What is expected —
From the line containing "this 1920×1280 image." to the end of the records below, both included, every line should be repeated exactly; pictures should be dropped.

[Source records]

——————————

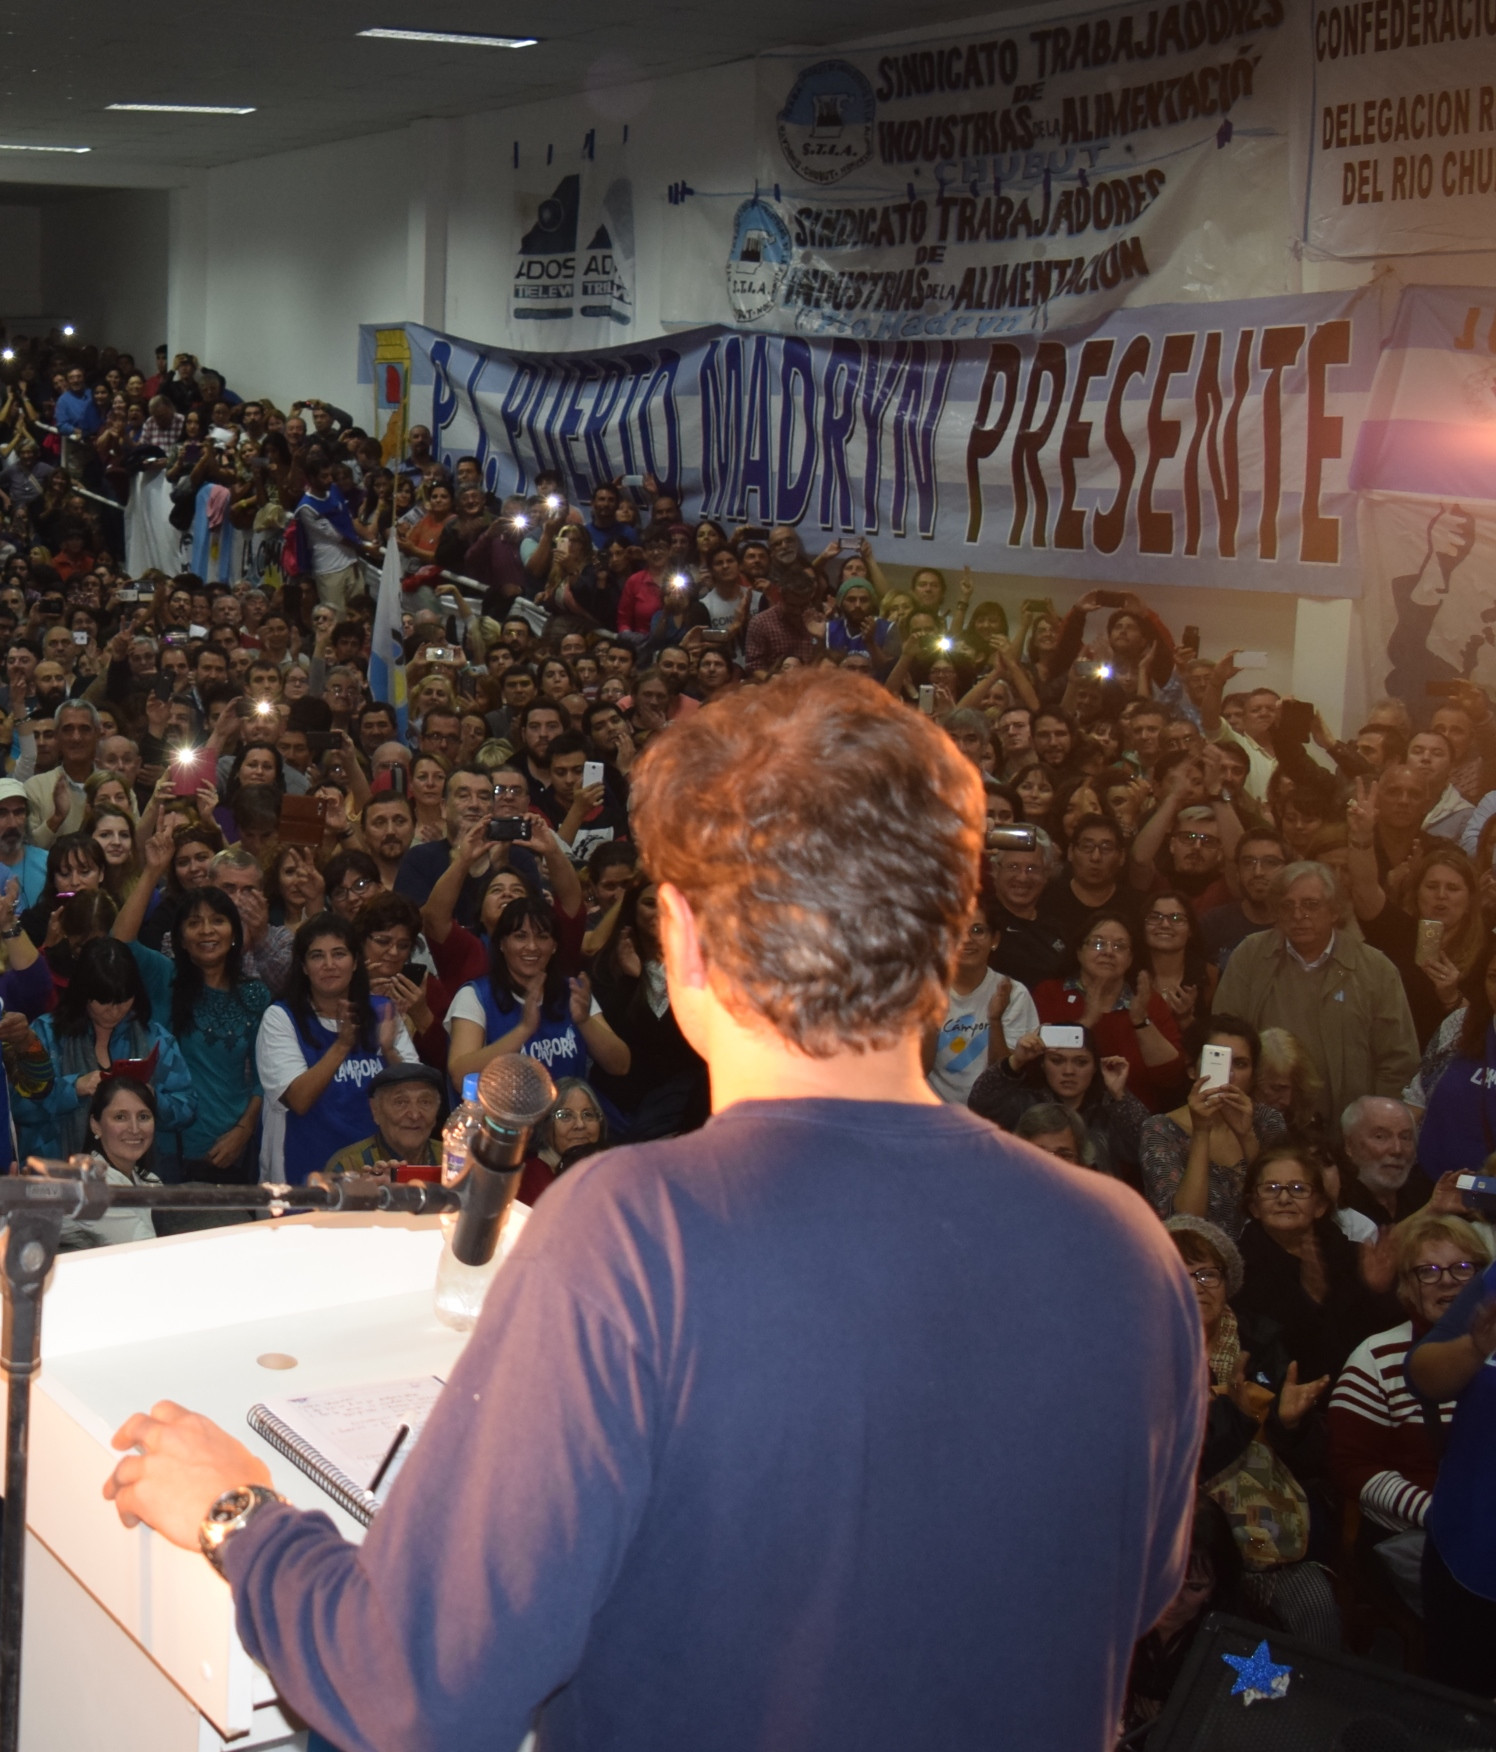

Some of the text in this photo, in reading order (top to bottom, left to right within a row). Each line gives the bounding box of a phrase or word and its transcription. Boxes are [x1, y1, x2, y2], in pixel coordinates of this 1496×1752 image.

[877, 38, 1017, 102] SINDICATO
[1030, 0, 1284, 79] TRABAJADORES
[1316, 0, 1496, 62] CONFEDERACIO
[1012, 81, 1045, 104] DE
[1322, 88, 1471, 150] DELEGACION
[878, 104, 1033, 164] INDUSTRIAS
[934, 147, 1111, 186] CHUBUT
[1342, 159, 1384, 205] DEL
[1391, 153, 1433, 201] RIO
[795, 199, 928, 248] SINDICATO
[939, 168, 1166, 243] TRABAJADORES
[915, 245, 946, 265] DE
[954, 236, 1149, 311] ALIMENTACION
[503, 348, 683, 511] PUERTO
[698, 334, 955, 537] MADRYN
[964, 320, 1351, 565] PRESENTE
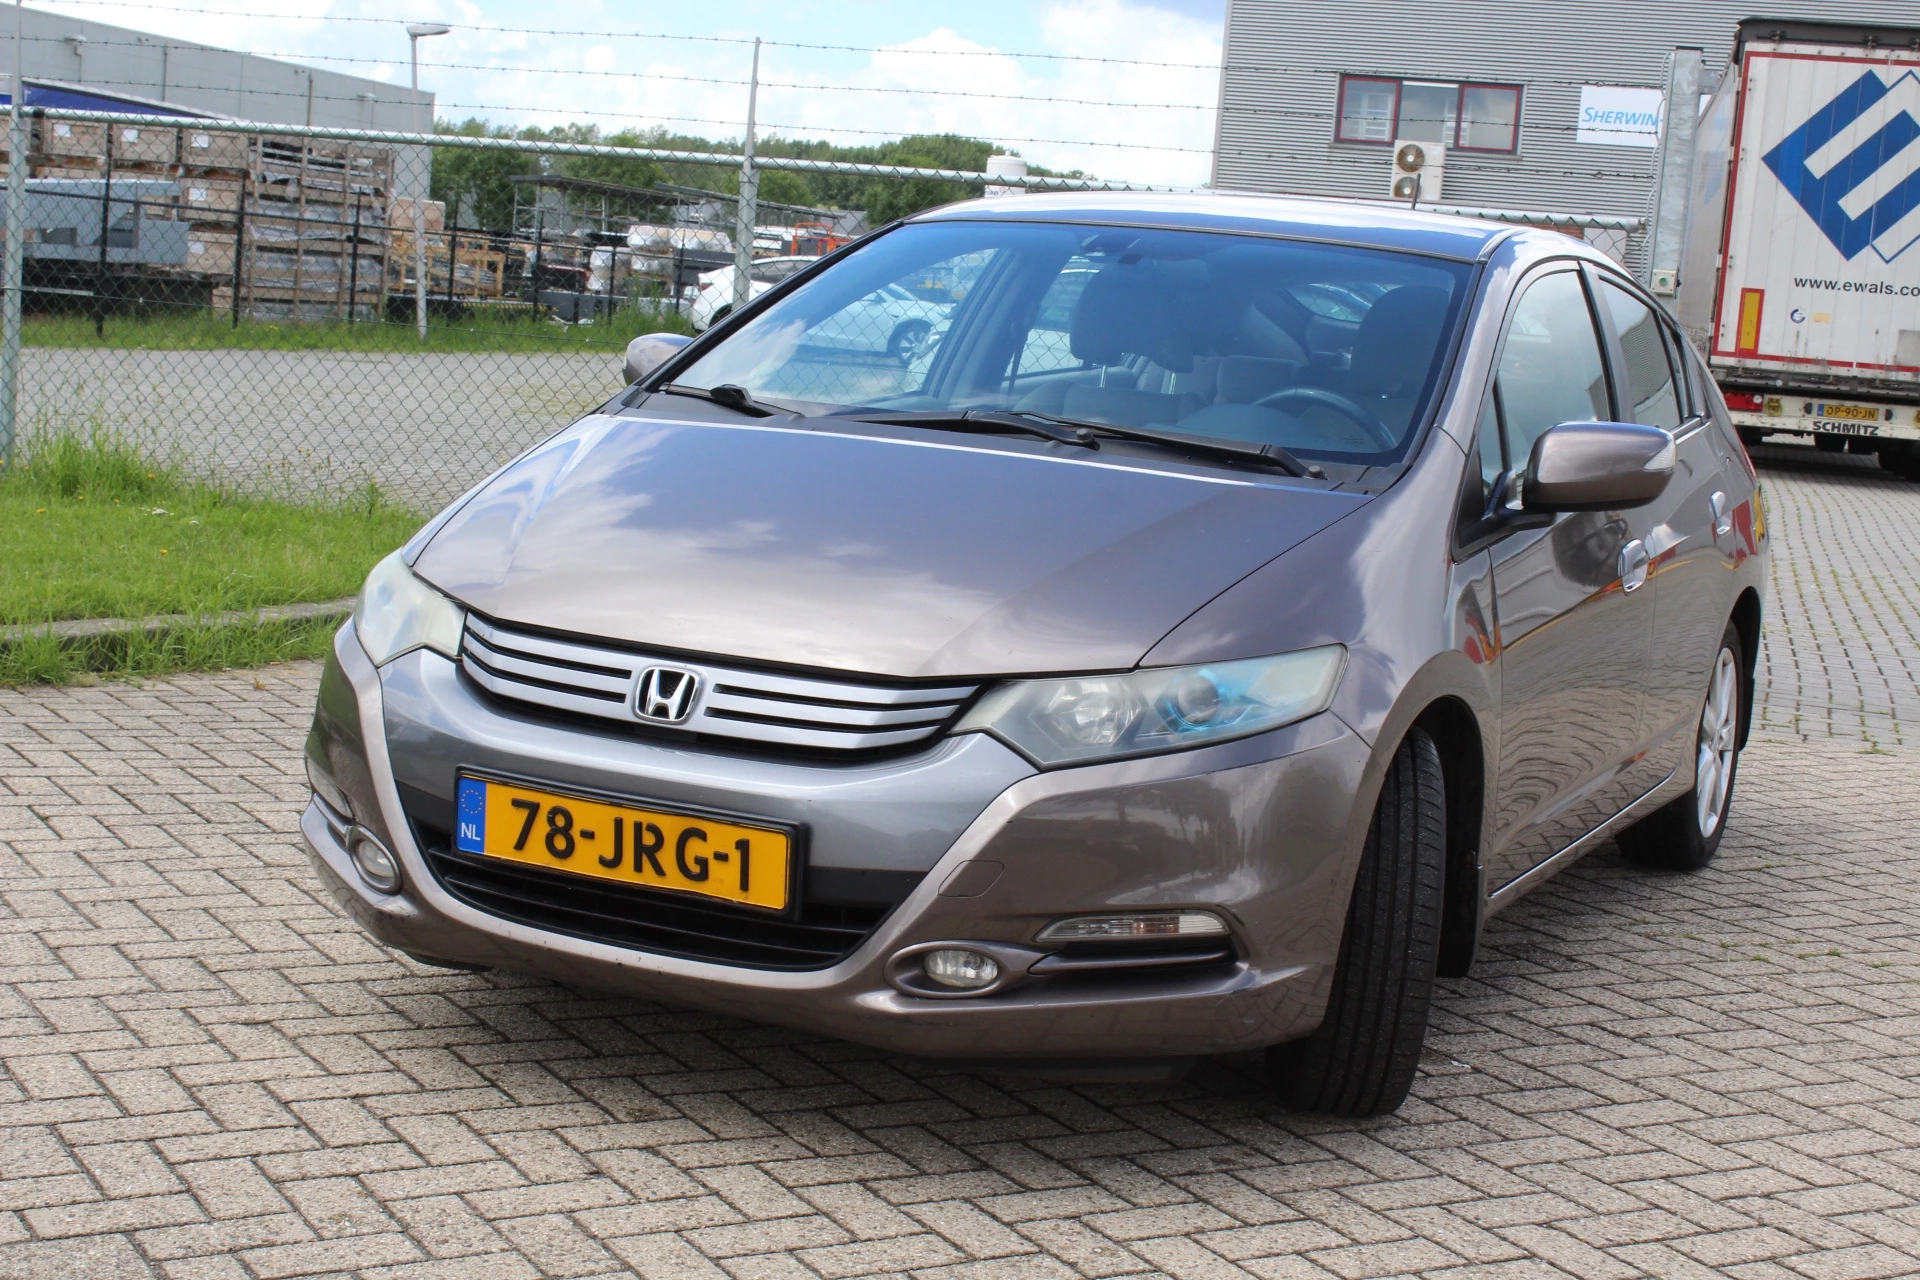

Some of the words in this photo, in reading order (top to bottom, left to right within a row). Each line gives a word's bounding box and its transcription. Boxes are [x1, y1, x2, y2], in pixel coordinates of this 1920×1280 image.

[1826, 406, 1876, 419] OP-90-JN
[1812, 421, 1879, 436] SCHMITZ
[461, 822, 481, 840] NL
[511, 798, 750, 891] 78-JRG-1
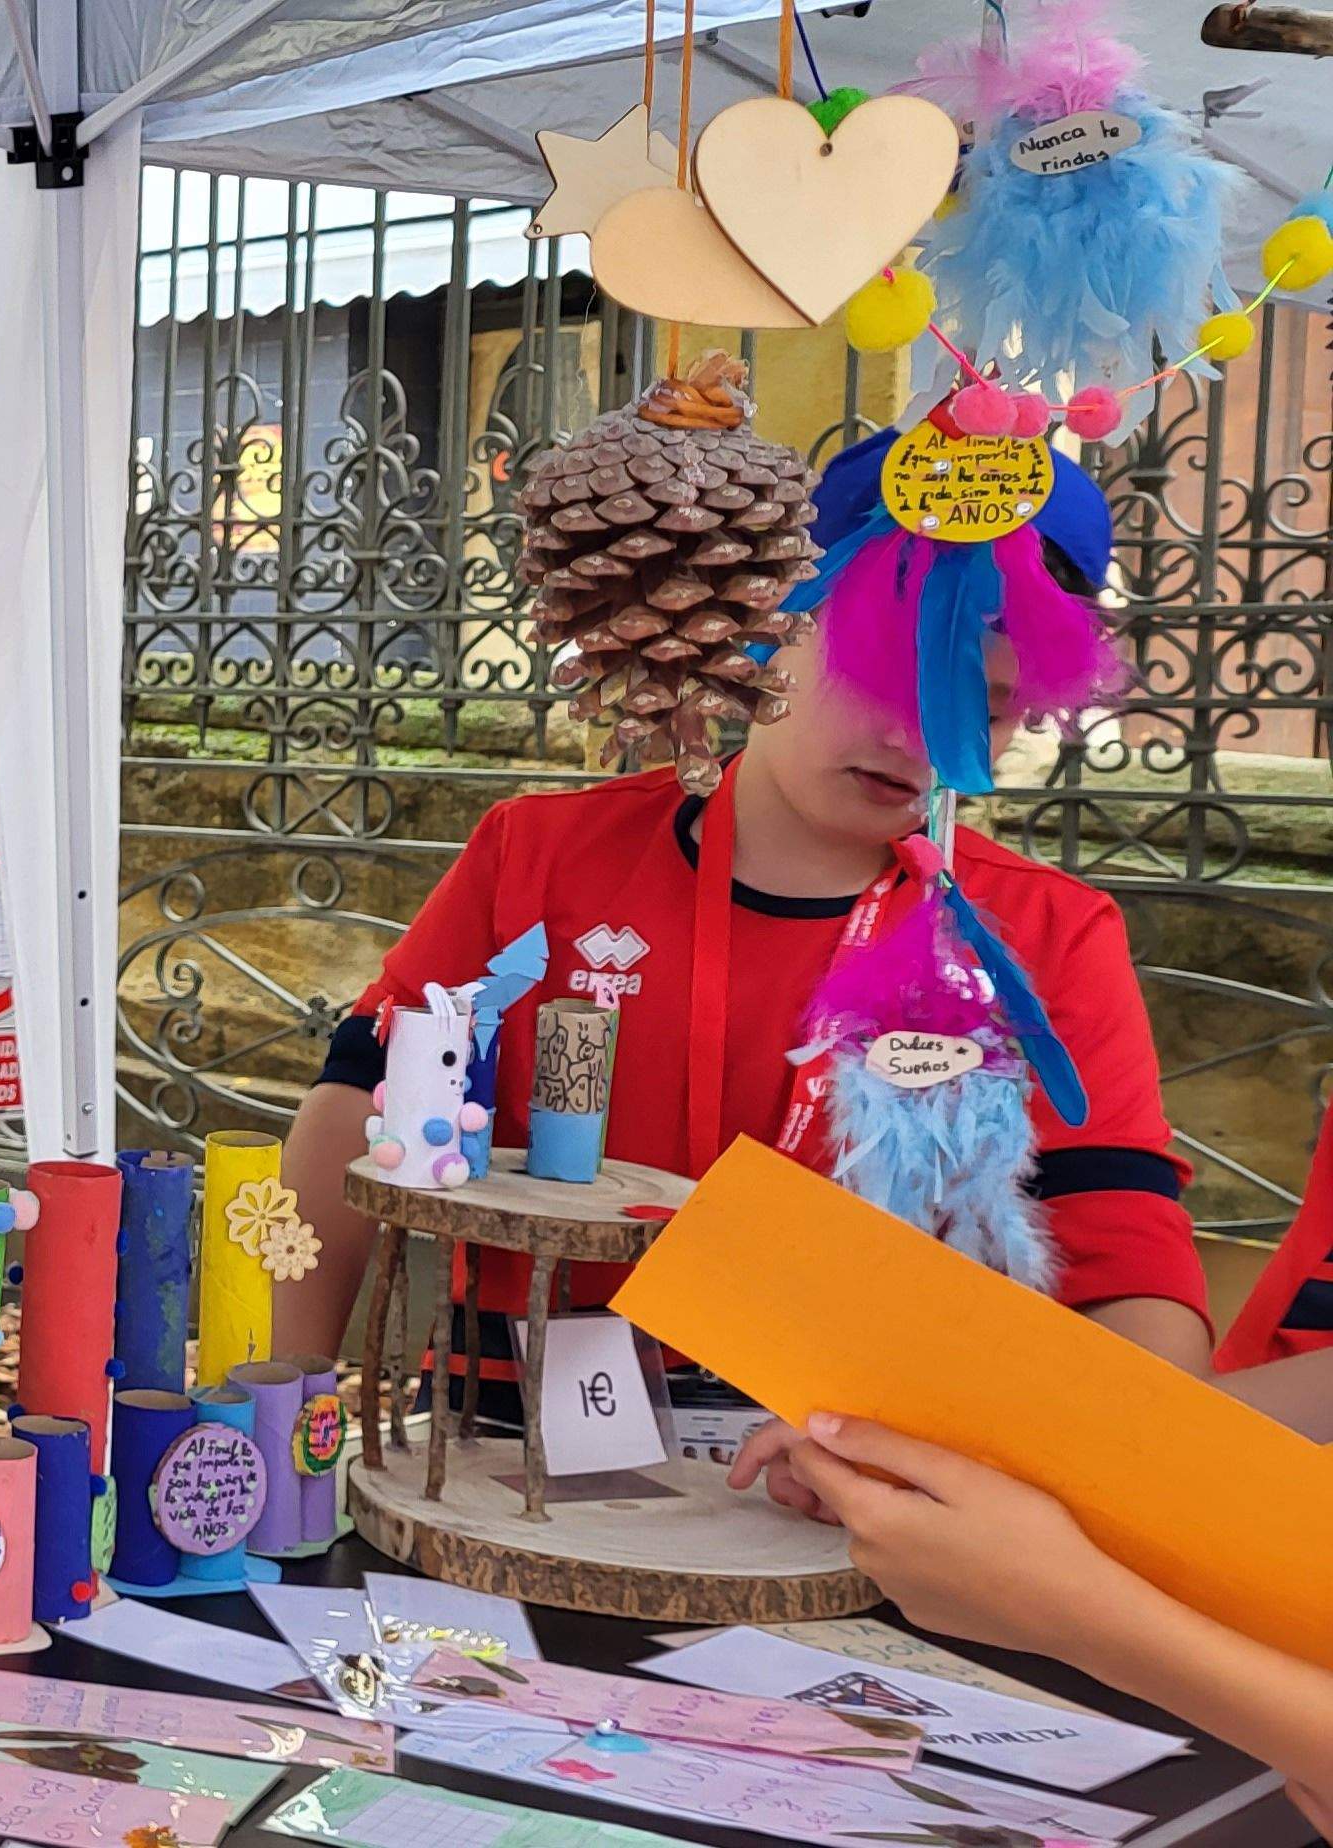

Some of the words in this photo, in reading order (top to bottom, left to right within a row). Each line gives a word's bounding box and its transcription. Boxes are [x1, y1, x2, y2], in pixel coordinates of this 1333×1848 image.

——————————

Answer space —
Some of the words in this photo, in reading order (top to bottom, left to right within a row). Each line gives a word's bounding box and its transcription. Boxes are [x1, y1, x2, y2], in pixel coordinates of this 1920×1280 image.

[1826, 406, 1876, 419] OP-90-JN
[1812, 421, 1879, 436] SCHMITZ
[461, 822, 481, 840] NL
[511, 798, 750, 891] 78-JRG-1

Some of the words in this photo, in reading order (top to bottom, left to right within a row). Each line gives a word's bounding box and its transcription. Boxes are [x1, y1, x2, y2], in pixel coordinates of this 1333×1848 image.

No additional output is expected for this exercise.